Exercise objective. Output all entries verbatim.

START Data supplied

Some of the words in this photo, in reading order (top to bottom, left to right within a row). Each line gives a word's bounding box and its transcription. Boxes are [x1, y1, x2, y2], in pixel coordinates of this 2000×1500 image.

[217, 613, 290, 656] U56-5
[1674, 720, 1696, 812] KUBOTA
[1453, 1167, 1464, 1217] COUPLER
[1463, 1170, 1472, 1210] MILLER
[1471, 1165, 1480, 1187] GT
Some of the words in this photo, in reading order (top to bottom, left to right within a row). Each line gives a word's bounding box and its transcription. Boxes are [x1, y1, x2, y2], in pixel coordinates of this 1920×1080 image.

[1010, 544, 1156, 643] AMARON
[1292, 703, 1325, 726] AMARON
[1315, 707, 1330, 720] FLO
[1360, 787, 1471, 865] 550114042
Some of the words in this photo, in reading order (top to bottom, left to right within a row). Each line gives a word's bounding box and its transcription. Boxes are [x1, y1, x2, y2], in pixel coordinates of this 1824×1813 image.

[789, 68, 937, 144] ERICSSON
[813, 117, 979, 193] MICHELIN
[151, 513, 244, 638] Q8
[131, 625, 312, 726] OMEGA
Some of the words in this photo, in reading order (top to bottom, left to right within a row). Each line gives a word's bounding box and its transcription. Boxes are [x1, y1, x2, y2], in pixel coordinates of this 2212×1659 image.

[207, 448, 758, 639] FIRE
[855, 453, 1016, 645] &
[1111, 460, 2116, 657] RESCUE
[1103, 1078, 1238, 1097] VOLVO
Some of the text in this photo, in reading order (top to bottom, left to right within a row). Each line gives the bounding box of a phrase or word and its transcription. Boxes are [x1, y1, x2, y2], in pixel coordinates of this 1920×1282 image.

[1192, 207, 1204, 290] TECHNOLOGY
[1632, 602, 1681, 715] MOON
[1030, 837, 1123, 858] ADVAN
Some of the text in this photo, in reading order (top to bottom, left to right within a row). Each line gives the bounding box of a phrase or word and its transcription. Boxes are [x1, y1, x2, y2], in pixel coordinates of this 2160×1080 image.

END Data supplied

Output for this task.
Some of the words in this photo, in reading order (top to bottom, left to right within a row). Each line gives a word's bounding box and its transcription. Boxes are [x1, y1, x2, y2], in pixel coordinates of this 2000×1500 image.

[217, 613, 290, 656] U56-5
[1674, 720, 1696, 812] KUBOTA
[1453, 1167, 1464, 1217] COUPLER
[1463, 1170, 1472, 1210] MILLER
[1471, 1165, 1480, 1187] GT
Some of the words in this photo, in reading order (top to bottom, left to right within a row). Each line gives a word's bounding box and its transcription. Boxes are [x1, y1, x2, y2], in pixel coordinates of this 1920×1080 image.

[1010, 544, 1156, 643] AMARON
[1292, 703, 1325, 726] AMARON
[1315, 707, 1330, 720] FLO
[1360, 787, 1471, 865] 550114042
Some of the words in this photo, in reading order (top to bottom, left to right within a row). Each line gives a word's bounding box and its transcription. Boxes are [x1, y1, x2, y2], in pixel coordinates of this 1824×1813 image.

[789, 68, 937, 144] ERICSSON
[813, 117, 979, 193] MICHELIN
[151, 513, 244, 638] Q8
[131, 625, 312, 726] OMEGA
Some of the words in this photo, in reading order (top to bottom, left to right within a row). Each line gives a word's bounding box and its transcription. Boxes are [x1, y1, x2, y2], in pixel coordinates of this 2212×1659 image.

[207, 448, 758, 639] FIRE
[855, 453, 1016, 645] &
[1111, 460, 2116, 657] RESCUE
[1103, 1078, 1238, 1097] VOLVO
Some of the text in this photo, in reading order (top to bottom, left to right within a row). Each line gives the bounding box of a phrase or word and its transcription. Boxes are [x1, y1, x2, y2], in pixel coordinates of this 1920×1282 image.

[1192, 207, 1204, 290] TECHNOLOGY
[1632, 602, 1681, 715] MOON
[1030, 837, 1123, 858] ADVAN
Some of the text in this photo, in reading order (top to bottom, left to right within a row). Each line gives the bounding box of a phrase or word and its transcription. Boxes are [x1, y1, x2, y2], in pixel coordinates of this 2160×1080 image.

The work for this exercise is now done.